(Saved entries)
****************************************

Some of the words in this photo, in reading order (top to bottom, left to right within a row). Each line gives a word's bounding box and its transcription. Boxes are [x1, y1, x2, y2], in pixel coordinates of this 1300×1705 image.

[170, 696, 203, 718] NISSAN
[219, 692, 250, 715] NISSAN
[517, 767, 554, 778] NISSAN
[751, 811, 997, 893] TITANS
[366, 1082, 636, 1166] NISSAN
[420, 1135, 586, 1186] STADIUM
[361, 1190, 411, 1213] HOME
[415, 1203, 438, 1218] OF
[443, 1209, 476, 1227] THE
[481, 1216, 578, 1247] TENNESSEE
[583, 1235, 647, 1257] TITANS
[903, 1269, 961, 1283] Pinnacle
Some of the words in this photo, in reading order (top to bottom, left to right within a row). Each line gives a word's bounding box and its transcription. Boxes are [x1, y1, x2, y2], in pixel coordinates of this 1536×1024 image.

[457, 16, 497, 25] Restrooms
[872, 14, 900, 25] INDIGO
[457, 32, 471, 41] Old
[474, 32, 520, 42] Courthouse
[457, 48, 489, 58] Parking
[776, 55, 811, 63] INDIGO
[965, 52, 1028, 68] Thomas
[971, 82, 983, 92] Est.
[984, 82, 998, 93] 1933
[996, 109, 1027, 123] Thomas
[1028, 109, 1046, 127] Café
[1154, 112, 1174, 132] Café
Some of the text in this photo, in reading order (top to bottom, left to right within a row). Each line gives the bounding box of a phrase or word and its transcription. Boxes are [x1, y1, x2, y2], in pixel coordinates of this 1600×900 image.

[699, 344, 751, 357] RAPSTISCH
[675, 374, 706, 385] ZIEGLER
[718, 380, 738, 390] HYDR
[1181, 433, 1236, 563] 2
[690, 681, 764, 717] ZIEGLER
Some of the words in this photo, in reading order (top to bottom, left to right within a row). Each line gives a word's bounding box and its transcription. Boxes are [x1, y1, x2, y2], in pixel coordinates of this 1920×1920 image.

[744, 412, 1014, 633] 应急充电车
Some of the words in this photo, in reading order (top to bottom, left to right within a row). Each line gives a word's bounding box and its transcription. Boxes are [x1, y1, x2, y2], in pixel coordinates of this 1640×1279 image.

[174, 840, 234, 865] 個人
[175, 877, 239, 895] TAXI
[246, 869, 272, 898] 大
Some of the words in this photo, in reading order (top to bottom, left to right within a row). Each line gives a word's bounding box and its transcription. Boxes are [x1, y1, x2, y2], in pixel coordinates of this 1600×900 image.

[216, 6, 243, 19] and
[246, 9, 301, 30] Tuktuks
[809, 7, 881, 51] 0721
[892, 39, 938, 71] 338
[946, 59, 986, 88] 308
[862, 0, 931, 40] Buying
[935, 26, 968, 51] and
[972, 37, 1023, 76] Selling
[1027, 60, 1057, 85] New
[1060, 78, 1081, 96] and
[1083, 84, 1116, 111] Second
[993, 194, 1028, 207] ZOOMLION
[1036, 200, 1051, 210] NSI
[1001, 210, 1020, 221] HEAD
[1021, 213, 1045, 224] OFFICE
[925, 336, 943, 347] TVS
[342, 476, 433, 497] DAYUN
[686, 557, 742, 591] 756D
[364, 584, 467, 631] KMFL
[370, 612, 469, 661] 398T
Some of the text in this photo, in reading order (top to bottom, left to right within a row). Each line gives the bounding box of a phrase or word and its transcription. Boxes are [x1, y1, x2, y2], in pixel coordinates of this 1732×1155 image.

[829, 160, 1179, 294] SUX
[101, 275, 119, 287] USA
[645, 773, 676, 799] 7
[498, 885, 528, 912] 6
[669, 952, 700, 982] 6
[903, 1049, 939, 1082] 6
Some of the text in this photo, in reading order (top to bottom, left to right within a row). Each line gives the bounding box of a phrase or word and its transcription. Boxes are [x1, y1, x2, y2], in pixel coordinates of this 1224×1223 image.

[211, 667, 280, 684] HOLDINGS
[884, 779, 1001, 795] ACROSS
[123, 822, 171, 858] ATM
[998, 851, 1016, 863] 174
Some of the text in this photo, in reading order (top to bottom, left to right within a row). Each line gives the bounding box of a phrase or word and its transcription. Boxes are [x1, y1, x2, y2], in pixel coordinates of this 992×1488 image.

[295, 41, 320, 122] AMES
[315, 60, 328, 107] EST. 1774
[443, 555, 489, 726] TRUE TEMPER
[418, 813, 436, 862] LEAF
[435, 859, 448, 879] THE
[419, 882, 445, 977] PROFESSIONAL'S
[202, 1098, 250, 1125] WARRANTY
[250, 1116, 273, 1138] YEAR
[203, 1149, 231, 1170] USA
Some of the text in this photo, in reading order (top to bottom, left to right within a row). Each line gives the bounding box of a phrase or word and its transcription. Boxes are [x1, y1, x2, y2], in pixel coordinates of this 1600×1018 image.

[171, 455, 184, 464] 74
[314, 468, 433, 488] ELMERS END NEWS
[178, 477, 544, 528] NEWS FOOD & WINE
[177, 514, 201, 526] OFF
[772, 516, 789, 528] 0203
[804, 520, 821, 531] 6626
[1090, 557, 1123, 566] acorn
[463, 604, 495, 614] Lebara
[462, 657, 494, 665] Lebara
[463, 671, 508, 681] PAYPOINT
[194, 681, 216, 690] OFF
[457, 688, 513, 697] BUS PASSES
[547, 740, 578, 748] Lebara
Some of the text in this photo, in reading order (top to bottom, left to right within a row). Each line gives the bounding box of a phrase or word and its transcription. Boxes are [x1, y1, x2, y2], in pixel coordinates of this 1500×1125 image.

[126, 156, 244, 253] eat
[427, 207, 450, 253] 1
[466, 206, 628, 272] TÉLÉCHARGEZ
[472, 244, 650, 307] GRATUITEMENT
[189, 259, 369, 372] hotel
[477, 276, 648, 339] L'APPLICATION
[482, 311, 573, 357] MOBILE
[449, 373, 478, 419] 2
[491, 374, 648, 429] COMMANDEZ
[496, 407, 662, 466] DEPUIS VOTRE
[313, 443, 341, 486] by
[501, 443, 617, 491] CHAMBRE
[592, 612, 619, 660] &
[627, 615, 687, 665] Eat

****************************************

## How to complete this task:
Word for word, retype the lines from the one containing "this 1500×1125 image." through the final line of the data, including both ends and nothing more.

## Solution to the problem:
Some of the text in this photo, in reading order (top to bottom, left to right within a row). Each line gives the bounding box of a phrase or word and its transcription. Boxes are [x1, y1, x2, y2], in pixel coordinates of this 1500×1125 image.

[126, 156, 244, 253] eat
[427, 207, 450, 253] 1
[466, 206, 628, 272] TÉLÉCHARGEZ
[472, 244, 650, 307] GRATUITEMENT
[189, 259, 369, 372] hotel
[477, 276, 648, 339] L'APPLICATION
[482, 311, 573, 357] MOBILE
[449, 373, 478, 419] 2
[491, 374, 648, 429] COMMANDEZ
[496, 407, 662, 466] DEPUIS VOTRE
[313, 443, 341, 486] by
[501, 443, 617, 491] CHAMBRE
[592, 612, 619, 660] &
[627, 615, 687, 665] Eat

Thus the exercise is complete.